GERECHTSHOF 's-HERTOGENBOSCH

Team familie- en jeugdrecht
Uitspraak: 23 maart 2023
Zaaknummer: 200.312.639/01
Zaaknummer eerste aanleg: C/03/296715 / FA RK 21-3587
in de zaak in hoger beroep van:
[de moeder],
wonende op een bij het hof bekend geheim adres,
verzoekster in hoger beroep,
hierna te noemen: de moeder,
advocaat: mr.
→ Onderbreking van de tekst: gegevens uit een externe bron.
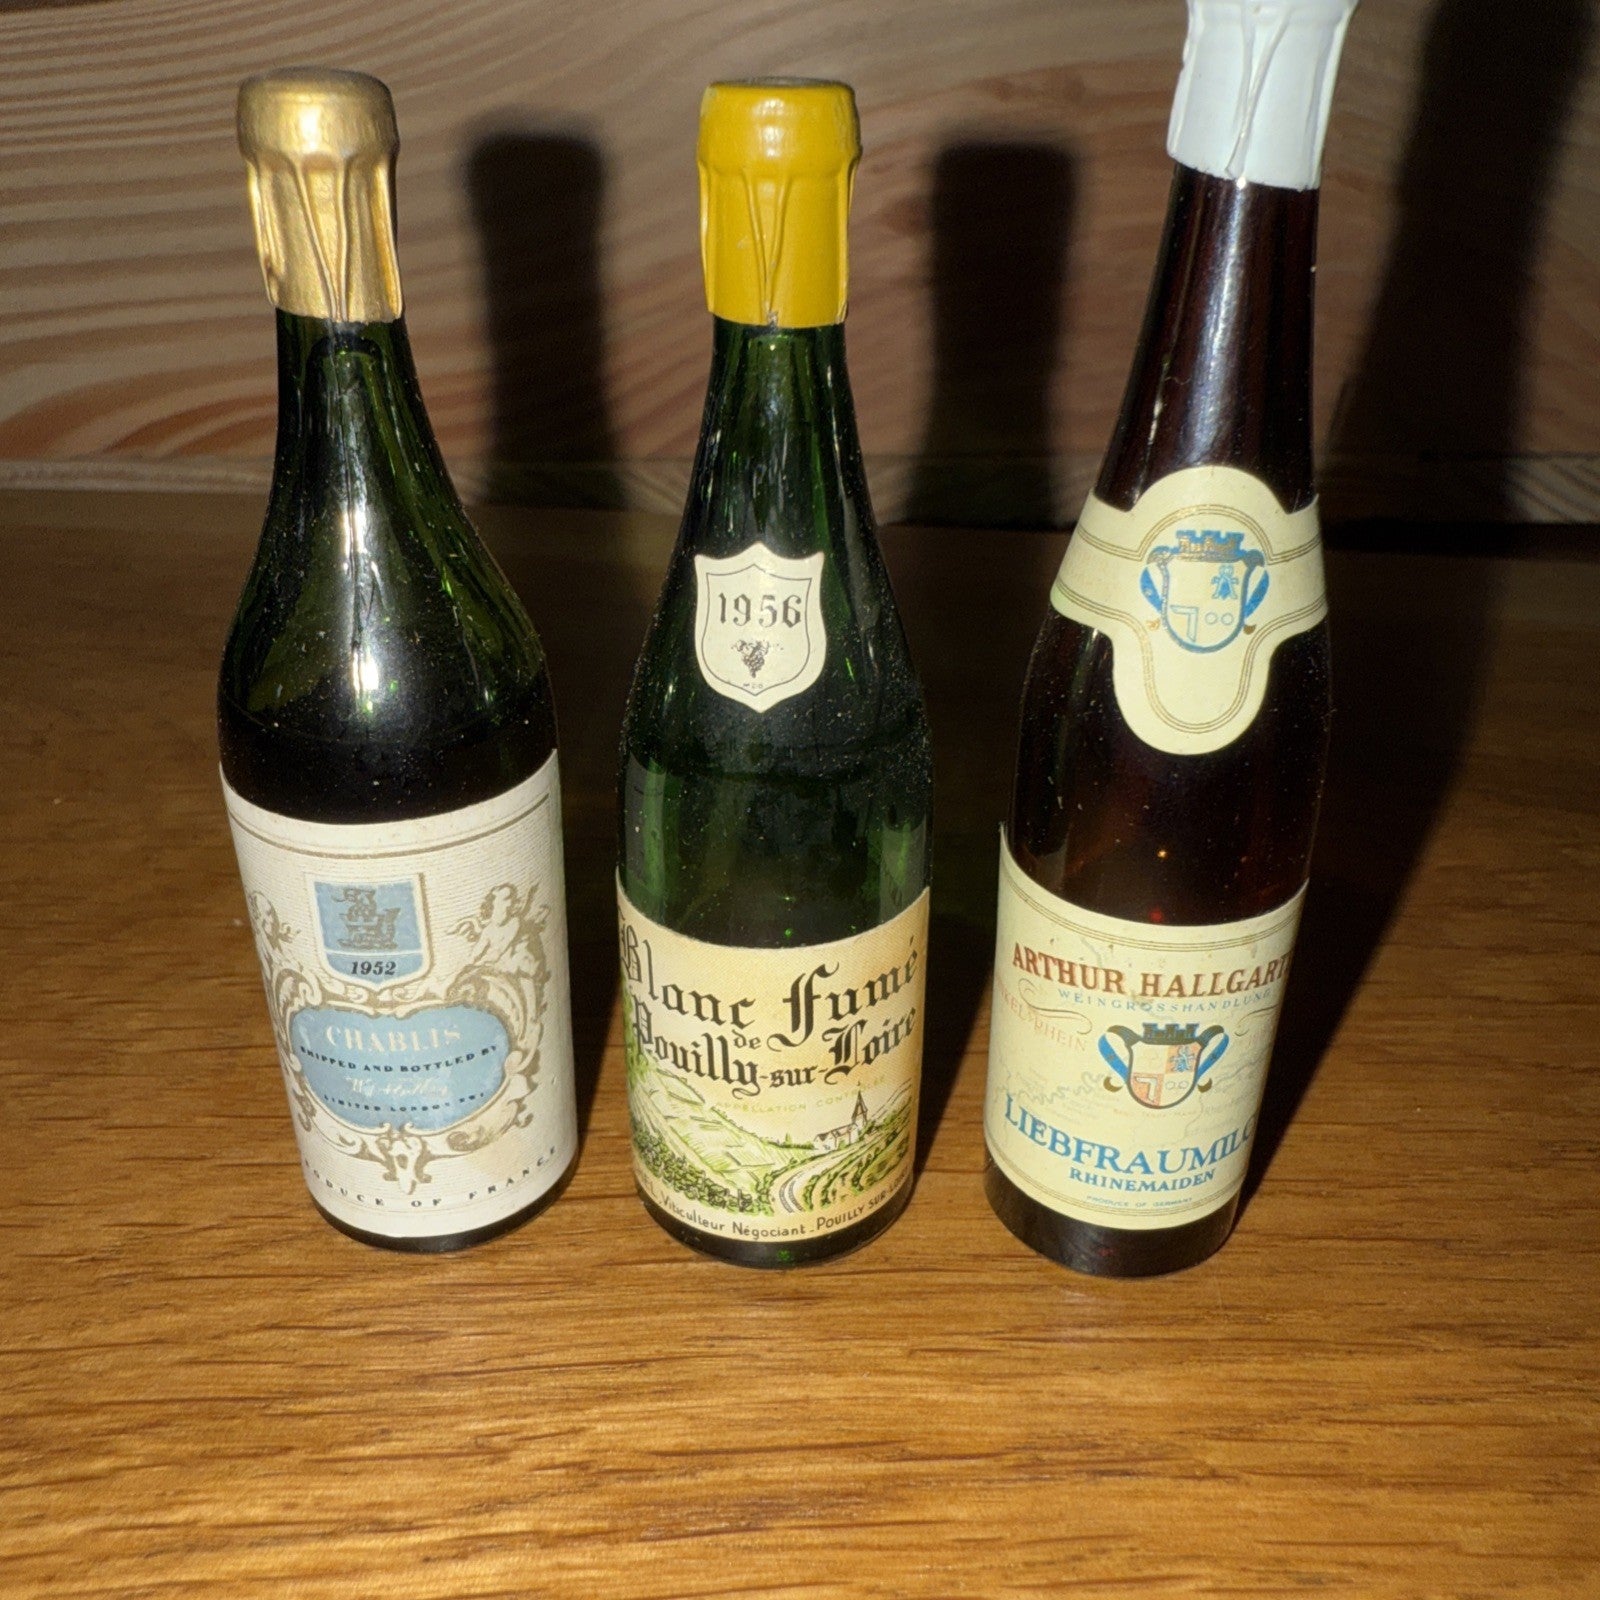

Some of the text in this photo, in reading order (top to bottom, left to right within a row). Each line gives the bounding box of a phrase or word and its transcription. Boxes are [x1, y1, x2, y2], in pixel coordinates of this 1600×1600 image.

E.G.W. Hendriks,
tegen
[de vader],
wonende te [woonplaats] ,
verweerder in hoger beroep,
hierna te noemen: de vader.
Deze zaak gaat over
[minderjarige], geboren op [geboortedatum] 2006 te [geboorteplaats] , hierna: [minderjarige] .
Het hof merkt als belanghebbende aan:
Stichting Bureau Jeugdzorg Limburg,gevestigd te [vestigingsplaats] ,
hierna te noemen: de GI (de gecertificeerde instelling).
In zijn hoedanigheid als omschreven in artikel 810 van het Wetboek van Burgerlijke Rechtsvordering is in de procedure gekend:
de Raad voor de Kinderbescherming,
hierna te noemen: de raad.

1.Het geding in eerste aanleg

Het hof verwijst voor het verloop van het geding in eerste aanleg naar de beschikking van de rechtbank Limburg, zittingsplaats Maastricht, van 31 maart 2022, uitgesproken onder voormeld zaaknummer.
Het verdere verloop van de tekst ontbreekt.